Token Importance in On-Policy Distillation: Entropy and Disagreement
Research identifies two regions of high-value tokens in knowledge distillation: high-entropy positions and low-entropy positions where student and teacher disagree, enabling 50–80% token reduction.
On-policy distillation learns most effectively from tokens with high student uncertainty or low confidence paired with teacher disagreement.
- — Student entropy alone captures ~50% of useful tokens; entropy-based sampling matches full-token training with 47% less peak memory.
- — Low-entropy, high-divergence tokens (overconfident errors) carry dense corrective signal despite being rare.
- — TIP framework organizes token importance across two axes: student entropy and teacher–student divergence.
- — Type-aware selection combining uncertainty and disagreement outperforms entropy-only rules.
- — Experiments on Qwen, Llama, and Qwen2.5 show <20% token retention can exceed full-token baselines on math and planning tasks.
- — Overconfident-wrong tokens are structurally invisible to entropy-only methods but critical for learning.
- — Memory savings enable distillation of larger models under constrained GPU budgets.
Astrobobo tool mapping
- Knowledge Capture Log the two-axis taxonomy (entropy vs. divergence) and your model's token importance distribution as a reference table for future distillation projects.
- Focus Brief Summarize the key insight—overconfident errors matter more than uncertainty—and share with your ML team to shift token selection strategy from entropy-only to disagreement-aware.

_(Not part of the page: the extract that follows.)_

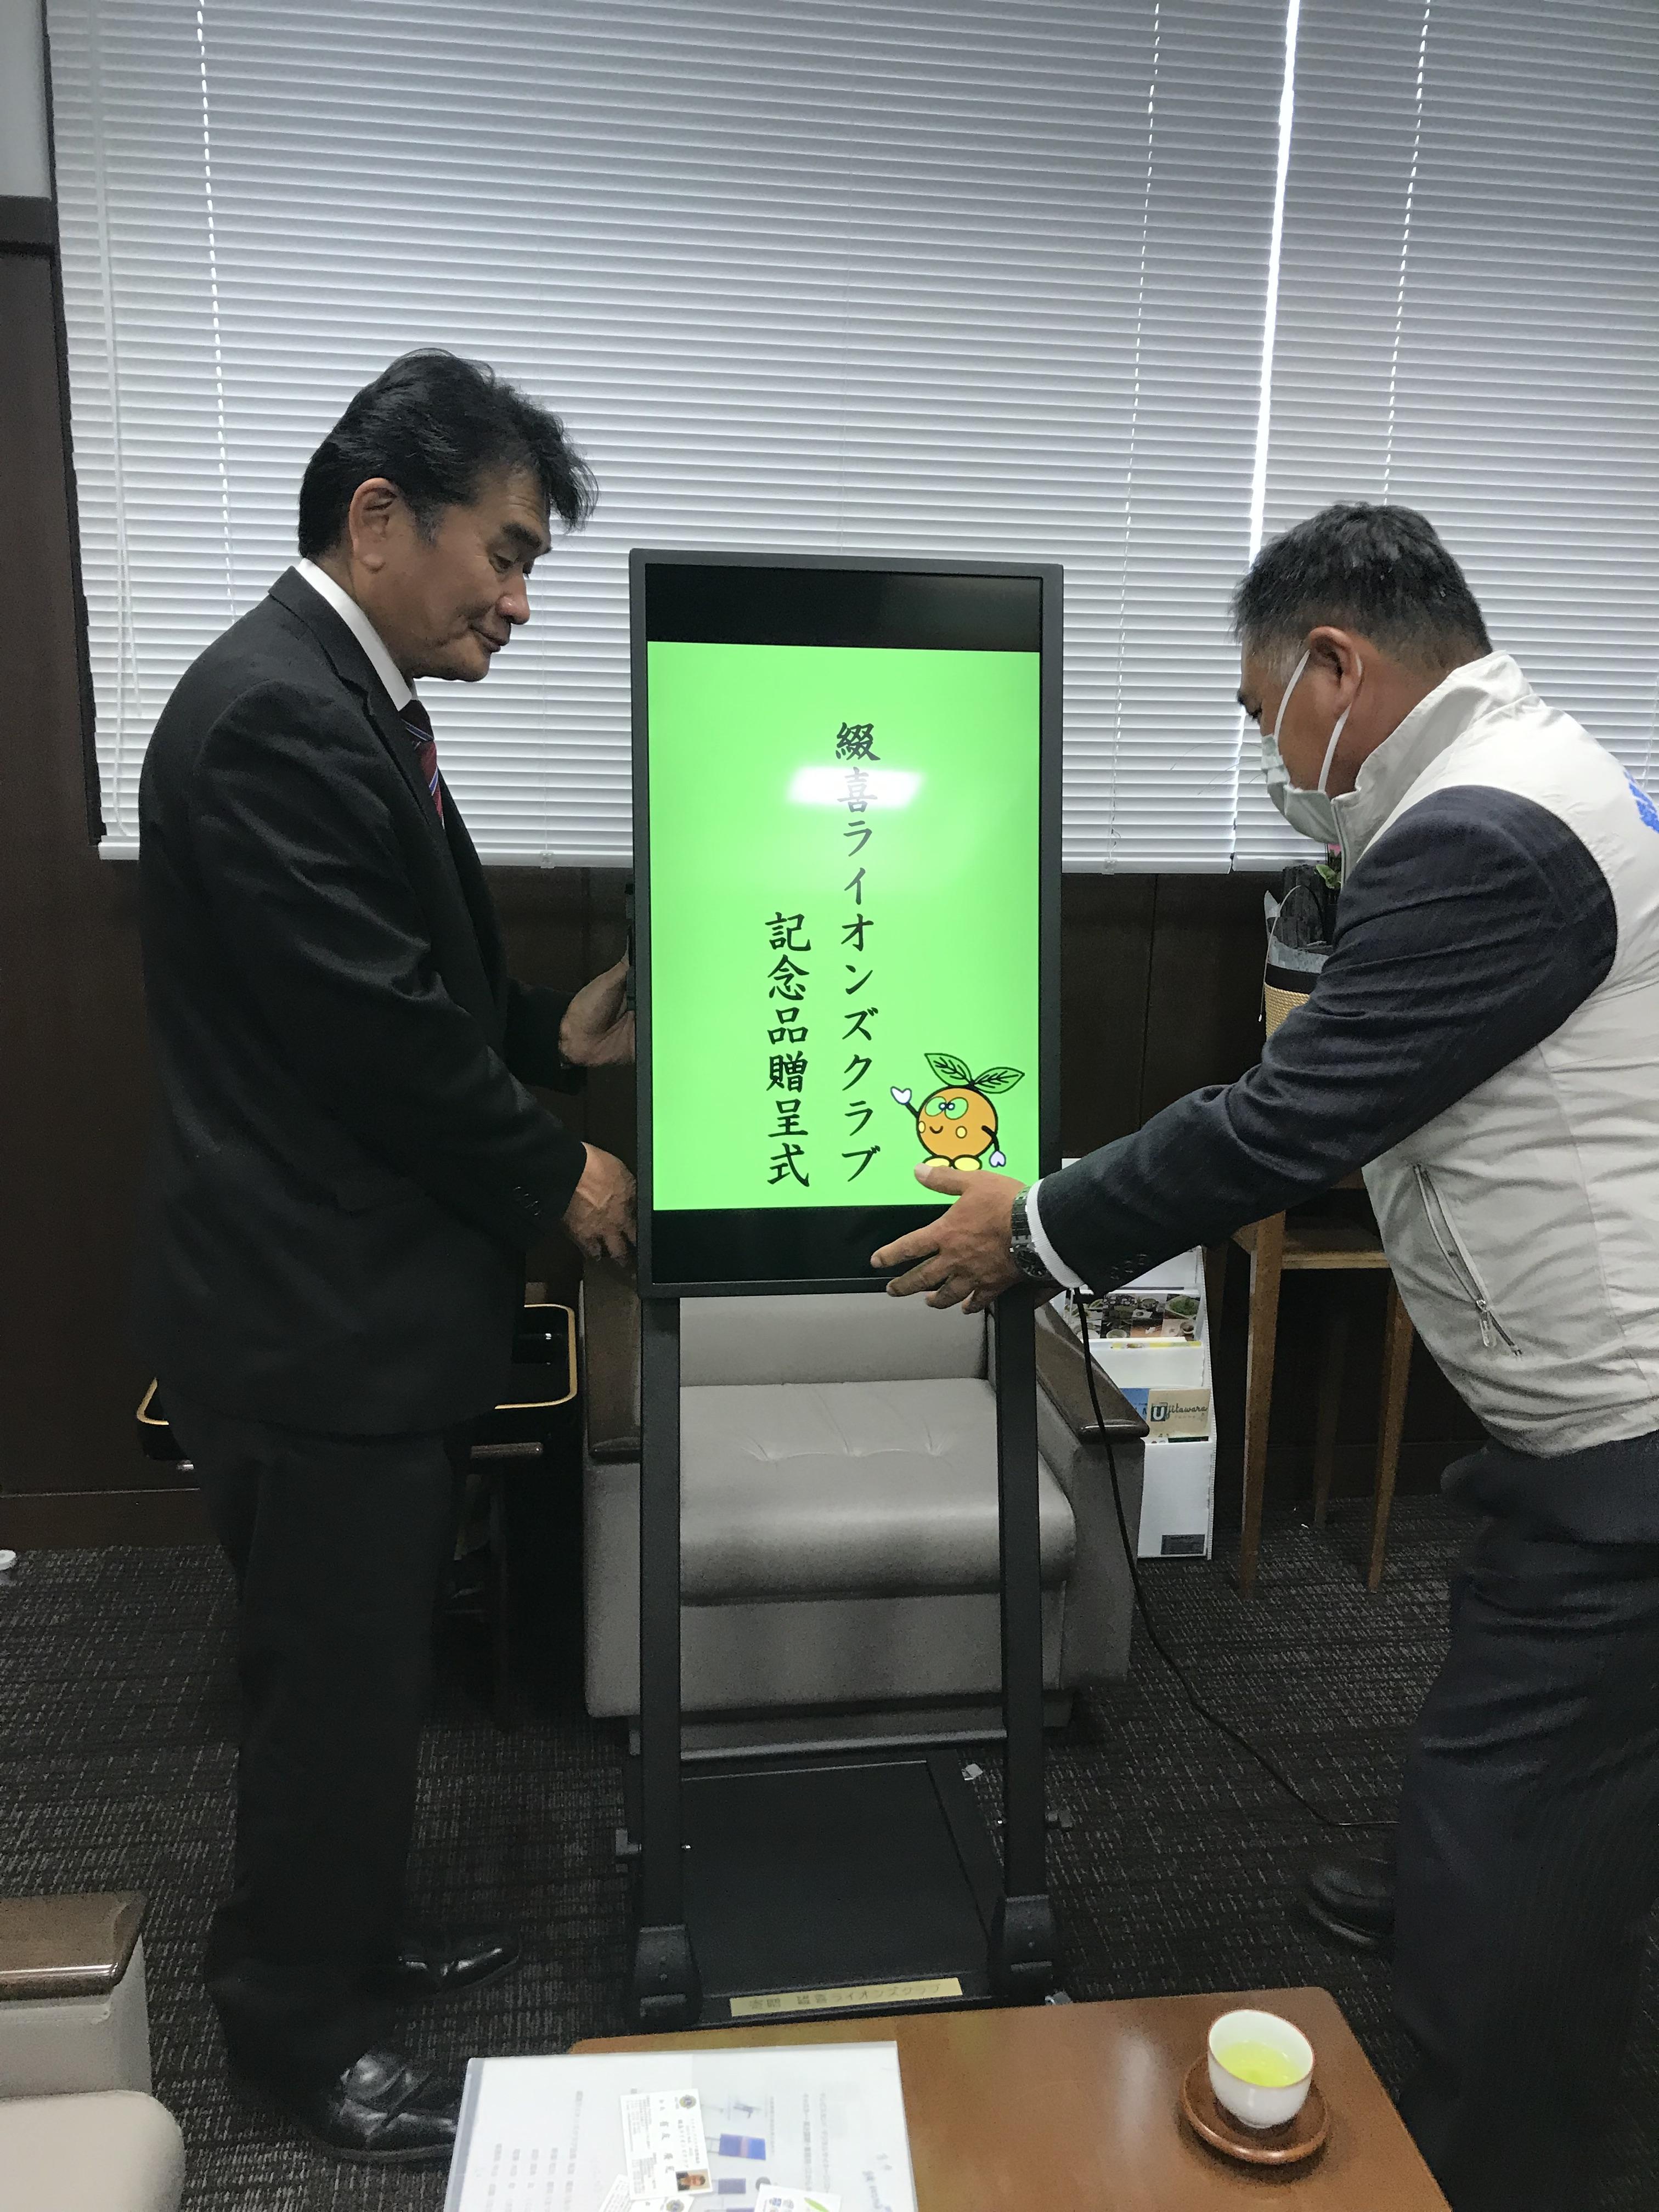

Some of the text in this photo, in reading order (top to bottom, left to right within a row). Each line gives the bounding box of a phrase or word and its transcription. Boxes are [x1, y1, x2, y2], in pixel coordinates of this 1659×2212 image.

[765, 912, 811, 1187] 記念品贈呈式
[835, 722, 881, 1182] 綴喜ライオンズクラブ

- Experiment Tracker Record baseline (full-token) and selective (50%, 20% tokens) runs side-by-side with memory, latency, and accuracy metrics to validate the paper's claims on your hardware.
Frequently asked
- High-entropy tokens (where the student is uncertain) and low-entropy, high-divergence tokens (where the student is overconfident but wrong). Together, these regions contain the densest learning signal. Entropy alone captures about 50% of useful tokens, but the second region—overconfident errors—carries corrective information that entropy-only methods miss.
cite ▸
Yuanda Xu, Hejian Sang, Zhengze Zhou, Ran He, Zhipeng Wang, Alborz Geramifard. (2026, April 17). Token Importance in On-Policy Distillation: Entropy and Disagreement. Astrobobo Content Engine (rewrite of arxiv/cs.AI). https://astrobobo-content-engine.vercel.app/article/token-importance-in-on-policy-distillation-entropy-and-disagreement-6230f8
Yuanda Xu, Hejian Sang, Zhengze Zhou, Ran He, Zhipeng Wang, Alborz Geramifard. "Token Importance in On-Policy Distillation: Entropy and Disagreement." Astrobobo Content Engine, 17 Apr 2026, https://astrobobo-content-engine.vercel.app/article/token-importance-in-on-policy-distillation-entropy-and-disagreement-6230f8. Based on "arxiv/cs.AI", https://arxiv.org/abs/2604.14084.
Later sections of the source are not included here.